Exercise goal: All records are to be printed exactly as they appear.

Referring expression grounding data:
- Opening Delimiter -

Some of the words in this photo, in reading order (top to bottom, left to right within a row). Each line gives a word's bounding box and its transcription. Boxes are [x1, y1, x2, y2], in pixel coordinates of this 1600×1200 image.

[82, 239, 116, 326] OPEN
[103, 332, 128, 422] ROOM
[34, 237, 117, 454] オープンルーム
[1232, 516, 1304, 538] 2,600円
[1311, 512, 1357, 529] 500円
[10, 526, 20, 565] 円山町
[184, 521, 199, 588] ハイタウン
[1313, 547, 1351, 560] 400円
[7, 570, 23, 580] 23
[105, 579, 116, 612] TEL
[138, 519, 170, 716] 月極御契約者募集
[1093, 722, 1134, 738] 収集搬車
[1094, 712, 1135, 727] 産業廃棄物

- Closing Delimiter -

Reply:
Some of the words in this photo, in reading order (top to bottom, left to right within a row). Each line gives a word's bounding box and its transcription. Boxes are [x1, y1, x2, y2], in pixel coordinates of this 1600×1200 image.

[82, 239, 116, 326] OPEN
[103, 332, 128, 422] ROOM
[34, 237, 117, 454] オープンルーム
[1232, 516, 1304, 538] 2,600円
[1311, 512, 1357, 529] 500円
[10, 526, 20, 565] 円山町
[184, 521, 199, 588] ハイタウン
[1313, 547, 1351, 560] 400円
[7, 570, 23, 580] 23
[105, 579, 116, 612] TEL
[138, 519, 170, 716] 月極御契約者募集
[1093, 722, 1134, 738] 収集搬車
[1094, 712, 1135, 727] 産業廃棄物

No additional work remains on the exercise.